● **What needs to be done**: Please give an exact transcription of the records shown below.

● **Information supplied**:

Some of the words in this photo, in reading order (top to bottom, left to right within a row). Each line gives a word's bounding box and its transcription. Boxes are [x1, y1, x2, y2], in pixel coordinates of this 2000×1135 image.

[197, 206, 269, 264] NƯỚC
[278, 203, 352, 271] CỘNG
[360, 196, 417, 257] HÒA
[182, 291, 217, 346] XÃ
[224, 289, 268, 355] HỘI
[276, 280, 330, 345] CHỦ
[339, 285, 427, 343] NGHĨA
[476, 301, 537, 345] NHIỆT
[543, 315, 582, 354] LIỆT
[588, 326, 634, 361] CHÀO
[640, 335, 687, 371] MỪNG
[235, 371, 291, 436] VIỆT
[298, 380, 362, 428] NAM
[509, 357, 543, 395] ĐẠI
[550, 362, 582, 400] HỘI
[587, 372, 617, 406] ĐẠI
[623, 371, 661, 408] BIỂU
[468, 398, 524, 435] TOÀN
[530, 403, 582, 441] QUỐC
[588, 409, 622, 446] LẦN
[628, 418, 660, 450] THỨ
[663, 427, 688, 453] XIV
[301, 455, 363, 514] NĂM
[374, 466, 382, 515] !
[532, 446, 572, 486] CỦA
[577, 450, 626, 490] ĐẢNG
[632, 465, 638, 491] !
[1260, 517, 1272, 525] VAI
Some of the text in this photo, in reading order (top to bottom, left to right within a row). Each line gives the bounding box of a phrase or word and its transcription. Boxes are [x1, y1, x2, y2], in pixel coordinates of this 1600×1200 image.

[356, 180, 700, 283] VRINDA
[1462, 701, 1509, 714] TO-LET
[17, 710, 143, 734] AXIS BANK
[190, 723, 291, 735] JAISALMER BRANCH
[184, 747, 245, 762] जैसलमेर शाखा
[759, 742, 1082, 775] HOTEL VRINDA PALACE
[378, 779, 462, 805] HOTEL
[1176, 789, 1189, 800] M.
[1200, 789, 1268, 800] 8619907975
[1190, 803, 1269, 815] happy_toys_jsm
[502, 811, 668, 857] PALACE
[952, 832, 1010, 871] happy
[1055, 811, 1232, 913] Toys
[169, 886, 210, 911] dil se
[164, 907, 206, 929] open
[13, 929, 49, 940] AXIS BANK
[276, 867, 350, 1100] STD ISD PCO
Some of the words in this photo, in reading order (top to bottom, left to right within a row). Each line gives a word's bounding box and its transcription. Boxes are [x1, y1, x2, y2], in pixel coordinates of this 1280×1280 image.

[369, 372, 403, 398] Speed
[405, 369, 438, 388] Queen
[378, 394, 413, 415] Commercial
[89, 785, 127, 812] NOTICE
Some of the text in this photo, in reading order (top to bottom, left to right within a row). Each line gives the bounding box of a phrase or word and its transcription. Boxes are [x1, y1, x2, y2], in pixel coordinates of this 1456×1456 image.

● **Solved exercise**:
Some of the words in this photo, in reading order (top to bottom, left to right within a row). Each line gives a word's bounding box and its transcription. Boxes are [x1, y1, x2, y2], in pixel coordinates of this 2000×1135 image.

[197, 206, 269, 264] NƯỚC
[278, 203, 352, 271] CỘNG
[360, 196, 417, 257] HÒA
[182, 291, 217, 346] XÃ
[224, 289, 268, 355] HỘI
[276, 280, 330, 345] CHỦ
[339, 285, 427, 343] NGHĨA
[476, 301, 537, 345] NHIỆT
[543, 315, 582, 354] LIỆT
[588, 326, 634, 361] CHÀO
[640, 335, 687, 371] MỪNG
[235, 371, 291, 436] VIỆT
[298, 380, 362, 428] NAM
[509, 357, 543, 395] ĐẠI
[550, 362, 582, 400] HỘI
[587, 372, 617, 406] ĐẠI
[623, 371, 661, 408] BIỂU
[468, 398, 524, 435] TOÀN
[530, 403, 582, 441] QUỐC
[588, 409, 622, 446] LẦN
[628, 418, 660, 450] THỨ
[663, 427, 688, 453] XIV
[301, 455, 363, 514] NĂM
[374, 466, 382, 515] !
[532, 446, 572, 486] CỦA
[577, 450, 626, 490] ĐẢNG
[632, 465, 638, 491] !
[1260, 517, 1272, 525] VAI
Some of the text in this photo, in reading order (top to bottom, left to right within a row). Each line gives the bounding box of a phrase or word and its transcription. Boxes are [x1, y1, x2, y2], in pixel coordinates of this 1600×1200 image.

[356, 180, 700, 283] VRINDA
[1462, 701, 1509, 714] TO-LET
[17, 710, 143, 734] AXIS BANK
[190, 723, 291, 735] JAISALMER BRANCH
[184, 747, 245, 762] जैसलमेर शाखा
[759, 742, 1082, 775] HOTEL VRINDA PALACE
[378, 779, 462, 805] HOTEL
[1176, 789, 1189, 800] M.
[1200, 789, 1268, 800] 8619907975
[1190, 803, 1269, 815] happy_toys_jsm
[502, 811, 668, 857] PALACE
[952, 832, 1010, 871] happy
[1055, 811, 1232, 913] Toys
[169, 886, 210, 911] dil se
[164, 907, 206, 929] open
[13, 929, 49, 940] AXIS BANK
[276, 867, 350, 1100] STD ISD PCO
Some of the words in this photo, in reading order (top to bottom, left to right within a row). Each line gives a word's bounding box and its transcription. Boxes are [x1, y1, x2, y2], in pixel coordinates of this 1280×1280 image.

[369, 372, 403, 398] Speed
[405, 369, 438, 388] Queen
[378, 394, 413, 415] Commercial
[89, 785, 127, 812] NOTICE
Some of the text in this photo, in reading order (top to bottom, left to right within a row). Each line gives the bounding box of a phrase or word and its transcription. Boxes are [x1, y1, x2, y2], in pixel coordinates of this 1456×1456 image.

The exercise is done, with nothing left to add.